_Task instructions:_
Everything in the records below should be set down again, word for word.

------------

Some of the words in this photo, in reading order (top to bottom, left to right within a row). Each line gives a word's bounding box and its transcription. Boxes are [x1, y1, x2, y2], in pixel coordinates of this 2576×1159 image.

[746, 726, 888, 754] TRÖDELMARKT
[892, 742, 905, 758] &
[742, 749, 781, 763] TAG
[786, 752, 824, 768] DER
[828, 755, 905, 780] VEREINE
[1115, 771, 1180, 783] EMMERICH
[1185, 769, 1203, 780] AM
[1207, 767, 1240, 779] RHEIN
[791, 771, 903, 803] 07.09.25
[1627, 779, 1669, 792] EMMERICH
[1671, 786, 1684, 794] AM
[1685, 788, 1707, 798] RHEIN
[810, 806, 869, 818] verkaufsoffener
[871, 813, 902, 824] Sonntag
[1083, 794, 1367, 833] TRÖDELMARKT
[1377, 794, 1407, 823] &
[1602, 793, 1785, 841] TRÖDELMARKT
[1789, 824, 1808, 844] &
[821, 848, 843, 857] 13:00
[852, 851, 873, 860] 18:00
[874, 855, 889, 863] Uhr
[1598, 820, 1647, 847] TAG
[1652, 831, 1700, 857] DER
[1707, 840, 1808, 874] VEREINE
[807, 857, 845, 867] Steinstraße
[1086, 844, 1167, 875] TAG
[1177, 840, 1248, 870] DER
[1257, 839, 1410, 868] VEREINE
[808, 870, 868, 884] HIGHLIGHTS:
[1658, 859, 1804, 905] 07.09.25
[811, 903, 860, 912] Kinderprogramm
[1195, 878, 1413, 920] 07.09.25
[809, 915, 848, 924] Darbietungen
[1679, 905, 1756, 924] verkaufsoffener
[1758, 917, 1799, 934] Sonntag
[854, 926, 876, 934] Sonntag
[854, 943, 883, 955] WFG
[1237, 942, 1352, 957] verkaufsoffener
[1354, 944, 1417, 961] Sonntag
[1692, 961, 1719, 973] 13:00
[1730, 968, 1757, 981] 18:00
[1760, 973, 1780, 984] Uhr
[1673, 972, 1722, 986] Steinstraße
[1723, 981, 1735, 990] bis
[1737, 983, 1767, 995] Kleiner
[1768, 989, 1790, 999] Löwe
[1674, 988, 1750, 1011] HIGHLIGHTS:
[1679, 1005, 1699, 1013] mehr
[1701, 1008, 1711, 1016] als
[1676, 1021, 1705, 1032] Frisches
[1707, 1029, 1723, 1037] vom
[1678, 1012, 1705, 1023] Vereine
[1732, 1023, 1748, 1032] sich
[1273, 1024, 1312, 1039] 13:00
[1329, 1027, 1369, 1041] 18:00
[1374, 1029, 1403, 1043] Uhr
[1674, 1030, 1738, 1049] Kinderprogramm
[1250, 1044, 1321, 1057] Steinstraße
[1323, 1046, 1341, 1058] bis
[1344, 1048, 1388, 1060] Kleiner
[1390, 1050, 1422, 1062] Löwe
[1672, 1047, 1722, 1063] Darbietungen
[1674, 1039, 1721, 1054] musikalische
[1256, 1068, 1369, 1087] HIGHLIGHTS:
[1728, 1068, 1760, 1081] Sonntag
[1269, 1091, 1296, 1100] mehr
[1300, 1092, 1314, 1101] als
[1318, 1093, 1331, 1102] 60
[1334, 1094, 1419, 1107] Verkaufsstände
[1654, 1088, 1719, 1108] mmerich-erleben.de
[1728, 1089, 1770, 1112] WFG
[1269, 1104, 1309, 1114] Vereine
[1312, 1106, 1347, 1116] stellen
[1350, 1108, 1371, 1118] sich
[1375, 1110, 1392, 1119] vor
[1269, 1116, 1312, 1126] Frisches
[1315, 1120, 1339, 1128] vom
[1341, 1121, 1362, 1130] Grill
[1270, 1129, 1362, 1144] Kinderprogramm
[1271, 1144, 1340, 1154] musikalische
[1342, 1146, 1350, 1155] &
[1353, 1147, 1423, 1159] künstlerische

------------

_Task output:_
Some of the words in this photo, in reading order (top to bottom, left to right within a row). Each line gives a word's bounding box and its transcription. Boxes are [x1, y1, x2, y2], in pixel coordinates of this 2576×1159 image.

[746, 726, 888, 754] TRÖDELMARKT
[892, 742, 905, 758] &
[742, 749, 781, 763] TAG
[786, 752, 824, 768] DER
[828, 755, 905, 780] VEREINE
[1115, 771, 1180, 783] EMMERICH
[1185, 769, 1203, 780] AM
[1207, 767, 1240, 779] RHEIN
[791, 771, 903, 803] 07.09.25
[1627, 779, 1669, 792] EMMERICH
[1671, 786, 1684, 794] AM
[1685, 788, 1707, 798] RHEIN
[810, 806, 869, 818] verkaufsoffener
[871, 813, 902, 824] Sonntag
[1083, 794, 1367, 833] TRÖDELMARKT
[1377, 794, 1407, 823] &
[1602, 793, 1785, 841] TRÖDELMARKT
[1789, 824, 1808, 844] &
[821, 848, 843, 857] 13:00
[852, 851, 873, 860] 18:00
[874, 855, 889, 863] Uhr
[1598, 820, 1647, 847] TAG
[1652, 831, 1700, 857] DER
[1707, 840, 1808, 874] VEREINE
[807, 857, 845, 867] Steinstraße
[1086, 844, 1167, 875] TAG
[1177, 840, 1248, 870] DER
[1257, 839, 1410, 868] VEREINE
[808, 870, 868, 884] HIGHLIGHTS:
[1658, 859, 1804, 905] 07.09.25
[811, 903, 860, 912] Kinderprogramm
[1195, 878, 1413, 920] 07.09.25
[809, 915, 848, 924] Darbietungen
[1679, 905, 1756, 924] verkaufsoffener
[1758, 917, 1799, 934] Sonntag
[854, 926, 876, 934] Sonntag
[854, 943, 883, 955] WFG
[1237, 942, 1352, 957] verkaufsoffener
[1354, 944, 1417, 961] Sonntag
[1692, 961, 1719, 973] 13:00
[1730, 968, 1757, 981] 18:00
[1760, 973, 1780, 984] Uhr
[1673, 972, 1722, 986] Steinstraße
[1723, 981, 1735, 990] bis
[1737, 983, 1767, 995] Kleiner
[1768, 989, 1790, 999] Löwe
[1674, 988, 1750, 1011] HIGHLIGHTS:
[1679, 1005, 1699, 1013] mehr
[1701, 1008, 1711, 1016] als
[1676, 1021, 1705, 1032] Frisches
[1707, 1029, 1723, 1037] vom
[1678, 1012, 1705, 1023] Vereine
[1732, 1023, 1748, 1032] sich
[1273, 1024, 1312, 1039] 13:00
[1329, 1027, 1369, 1041] 18:00
[1374, 1029, 1403, 1043] Uhr
[1674, 1030, 1738, 1049] Kinderprogramm
[1250, 1044, 1321, 1057] Steinstraße
[1323, 1046, 1341, 1058] bis
[1344, 1048, 1388, 1060] Kleiner
[1390, 1050, 1422, 1062] Löwe
[1672, 1047, 1722, 1063] Darbietungen
[1674, 1039, 1721, 1054] musikalische
[1256, 1068, 1369, 1087] HIGHLIGHTS:
[1728, 1068, 1760, 1081] Sonntag
[1269, 1091, 1296, 1100] mehr
[1300, 1092, 1314, 1101] als
[1318, 1093, 1331, 1102] 60
[1334, 1094, 1419, 1107] Verkaufsstände
[1654, 1088, 1719, 1108] mmerich-erleben.de
[1728, 1089, 1770, 1112] WFG
[1269, 1104, 1309, 1114] Vereine
[1312, 1106, 1347, 1116] stellen
[1350, 1108, 1371, 1118] sich
[1375, 1110, 1392, 1119] vor
[1269, 1116, 1312, 1126] Frisches
[1315, 1120, 1339, 1128] vom
[1341, 1121, 1362, 1130] Grill
[1270, 1129, 1362, 1144] Kinderprogramm
[1271, 1144, 1340, 1154] musikalische
[1342, 1146, 1350, 1155] &
[1353, 1147, 1423, 1159] künstlerische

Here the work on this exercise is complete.